We all have our reasons for protecting our true selves, for living within our bubbles, and for holding back pieces of ourselves. As authors, we are literary pundits when it comes to creating protective façades. Lately, I have been reading a lot of blogs, and since popping my head above ground and entering into a more social mode with some on social media, I have come to realize that for the first time in my life I am more the majority than the minority. I have also found myself asking my own version of Stephen Fry’s quote, “Who are you when you’re not on social media?”
Several years ago, my father told me that when I was a little girl he thought I was smarter than he was because I always asked him hard questions.

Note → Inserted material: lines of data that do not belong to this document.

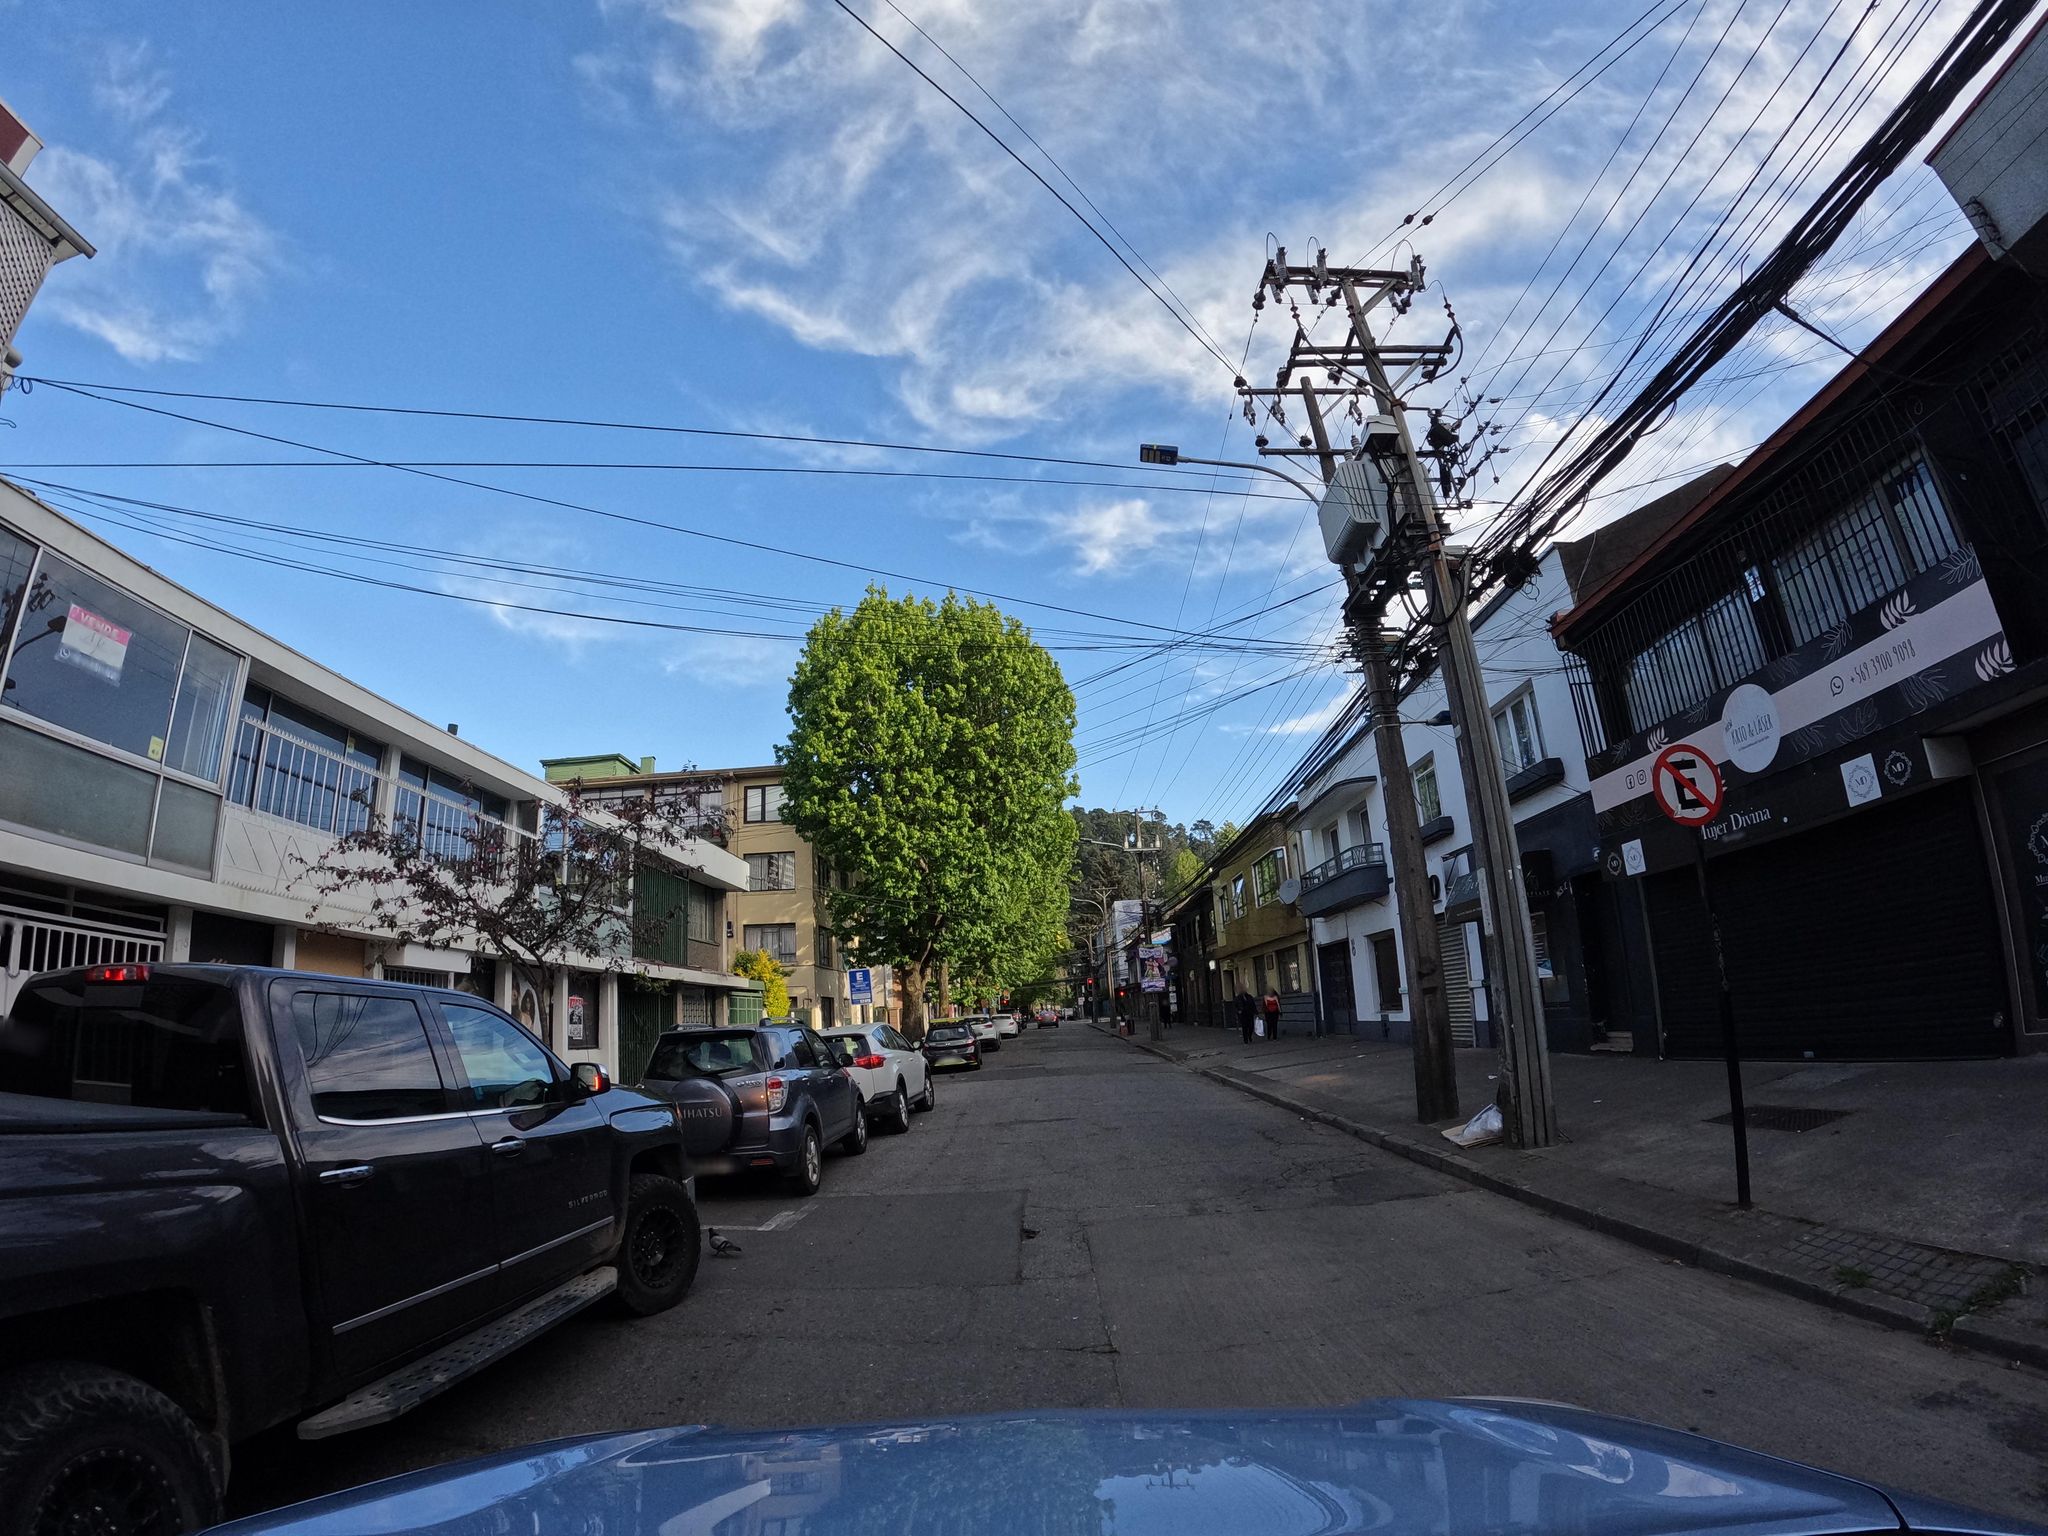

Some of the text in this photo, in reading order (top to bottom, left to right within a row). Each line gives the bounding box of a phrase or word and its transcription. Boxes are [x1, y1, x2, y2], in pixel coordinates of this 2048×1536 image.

[1870, 651, 1893, 676] 3900
[1892, 638, 1916, 664] 9098
[1669, 759, 1705, 809] E
[1729, 807, 1772, 831] Divina
[856, 972, 864, 981] E
[683, 1107, 722, 1119] IHATSU

While I saw this as quite the compliment at the time, I was also deeply disturbed that I was hearing this from my dad at the age of 38, or thereabouts, as I had struggled, unbeknownst at the time, with ADD in school and I had gone through life feeling less than everyone else and believing my brain was a defective brain. However, my defective brain was not enough to squash the curiosity I was born with. The curiosity that influenced my decisions to dismantle toasters as a preteen in an attempt to figure out exactly how toasters browned the bread; or from removing the cover plate from an electrical outlet to better comprehend the flow of electricity, etc.. I was a curious child, and I have remained curious throughout my life – curious about the things I have yet to learn, and curious about the questions that appear out of nowhere and begin traversing through my mind. Thank heavens for Google, or perhaps, more than the heavens, I should thank the Stanford University, Ph.D. students Larry Page and Sergey Brin, for founding Google.

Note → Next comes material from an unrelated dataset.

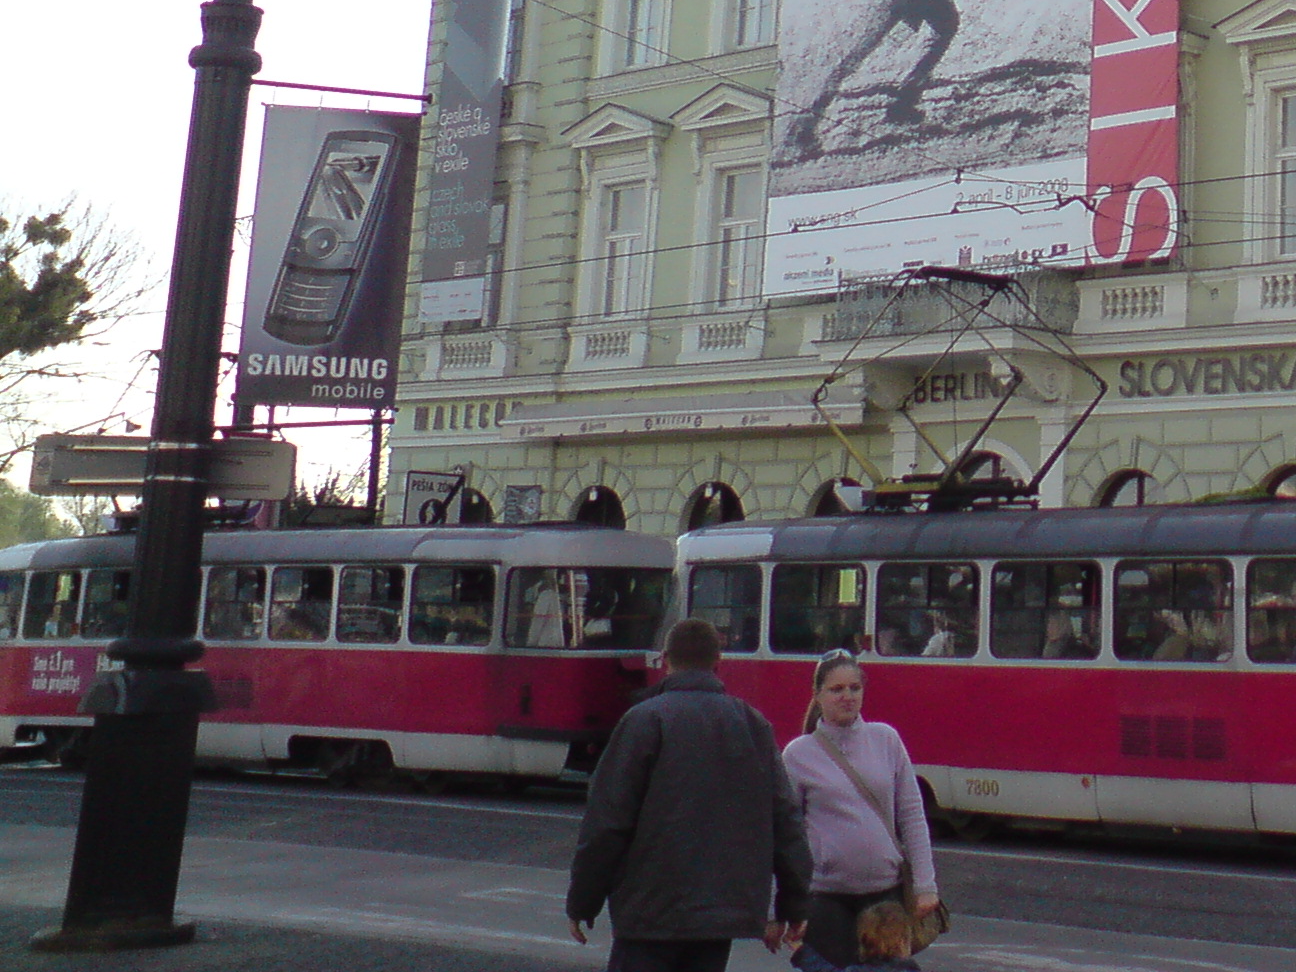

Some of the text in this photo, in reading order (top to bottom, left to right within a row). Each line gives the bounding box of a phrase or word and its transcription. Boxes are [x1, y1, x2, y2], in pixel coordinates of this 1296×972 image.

[437, 117, 491, 141] slovenské
[247, 353, 388, 379] SAMSUNG
[311, 382, 385, 399] mobile

As a child, I found I could go places and learn things I never imagined possible when I read; reading and a love for words kept me hyper-focused. Through reading, I discovered a hunger within me, and unbeknownst to me at the time, also discovered there was a writer hidden deep within me. Later in life, I had a better understanding of my life when I read what would become one of my most beloved books, the Education of a Wandering Man by Louis L’Amour. Until I understood ADD, and Google came along, it was Louis who helped me understand my love for learning. I believed Louis L’Amour’s autodidact style of learning was the best way for one with a defective brain to learn. Later on, as an adult, my ADD was diagnosed and treated, and off to college I went, majoring in English and graduating magna cum laude. So much for my defective brain.

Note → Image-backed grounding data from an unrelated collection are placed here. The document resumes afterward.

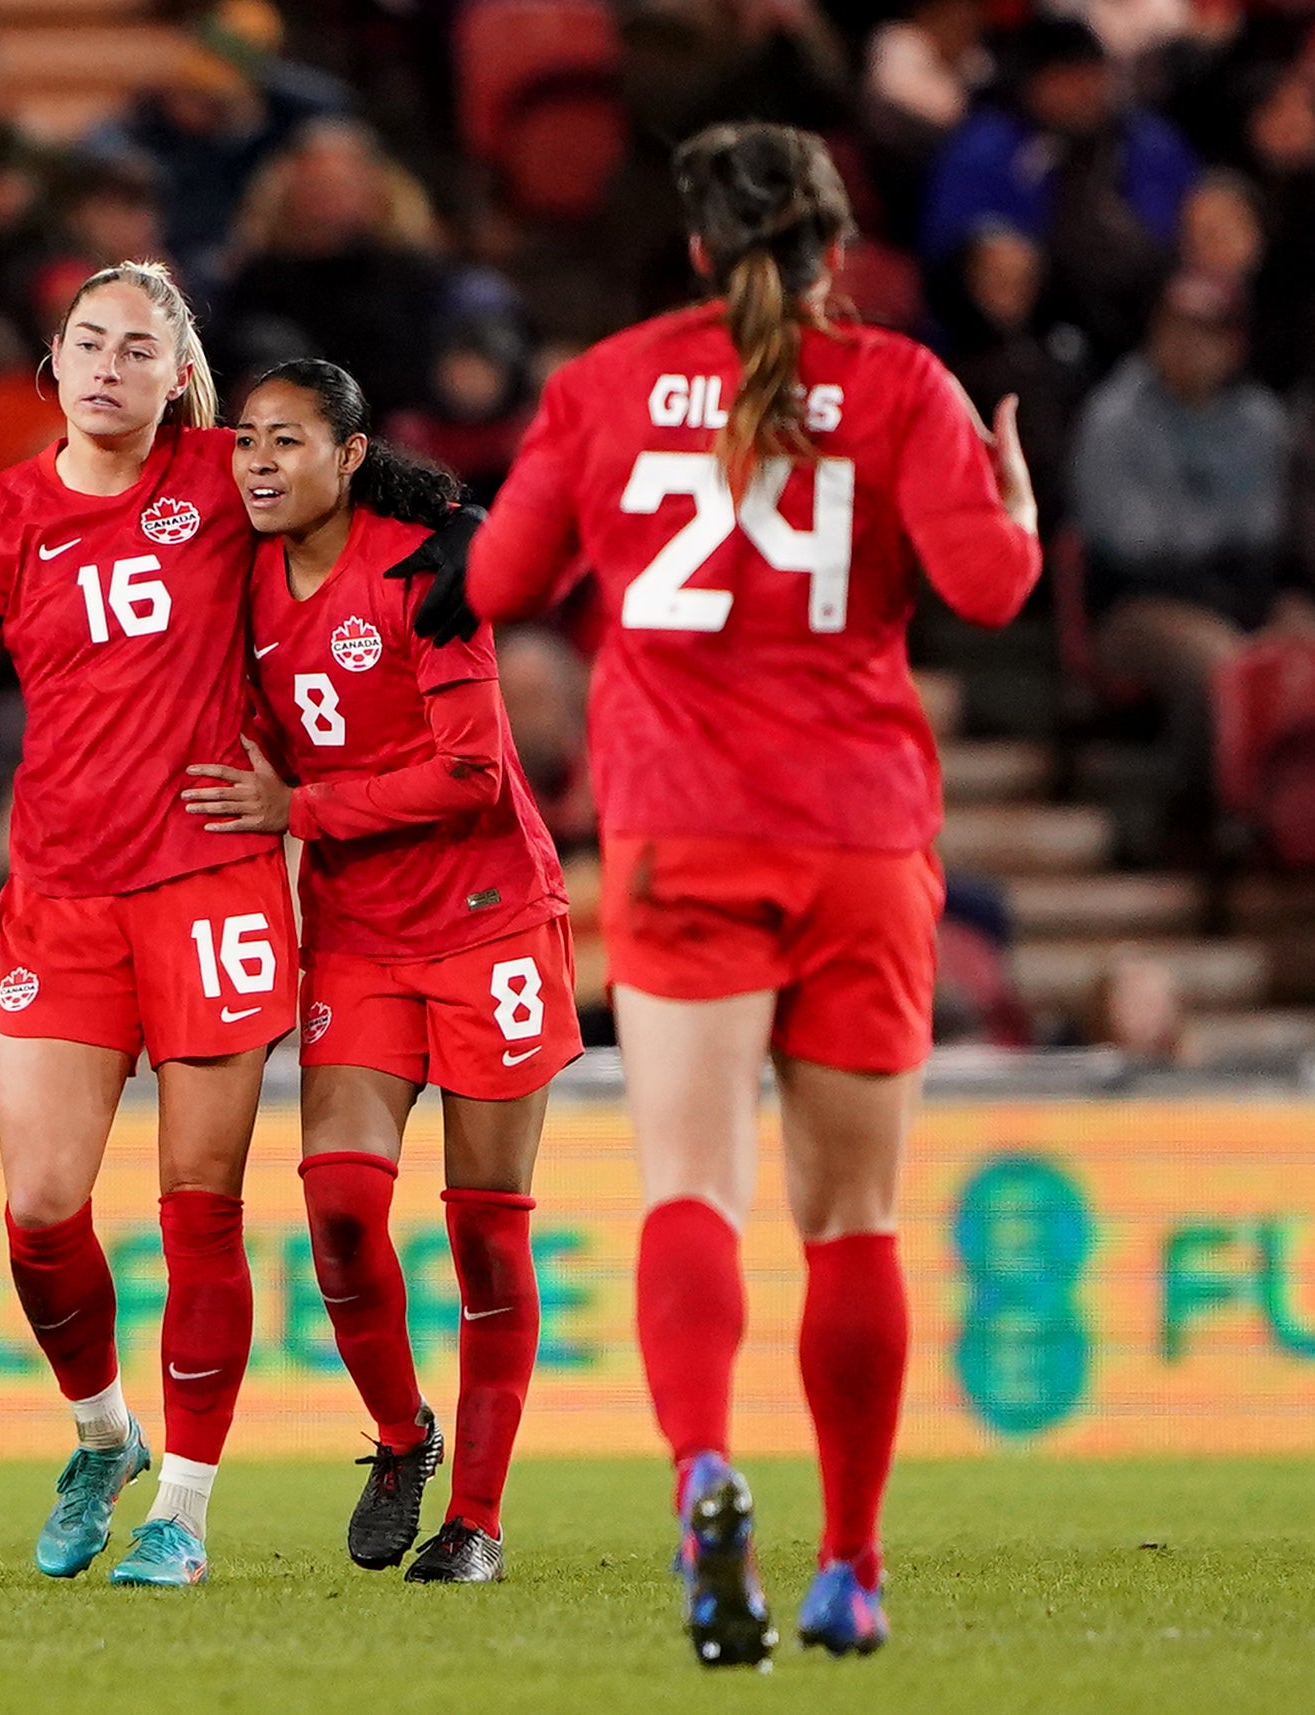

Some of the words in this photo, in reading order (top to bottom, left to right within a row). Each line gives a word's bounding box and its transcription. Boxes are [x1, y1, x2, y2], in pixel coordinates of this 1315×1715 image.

[648, 374, 844, 432] GILS
[144, 513, 197, 531] CANADA
[620, 450, 856, 634] 24
[77, 554, 172, 644] 16
[333, 639, 379, 651] CANADA
[294, 672, 346, 746] 8
[0, 985, 36, 995] CANADA
[191, 912, 277, 998] 16
[490, 957, 544, 1041] 8

So who is D.B. Moore aka Inkpen when no one’s watching, or when I’m on social media? I am pretty much who you see, but with less of my protective façade and more often without the veil of fear I wear. I’m pensive, curious, and believe it or not, I’m humorous too. Some would say I am a loner or a recluse, and they would be partly correct – it’s all about the timing. When I am reading and writing, I am very much the reclusive type, but this is necessary to who I am as a writer. Writing is a reclusive art form, and my artist friends understand this. However, it is, more often than not, those who do not have an artist’s spirit that do not understand my need for solitude, and I have neither the time nor the inclination to explain myself. Last year, death took three loved ones from me. 2014 morphed into 2015 and what is clearer to me today than ever before is just how short this wonderful life of ours is – there is not time for needless explications, but there is time enough for more love and less judging.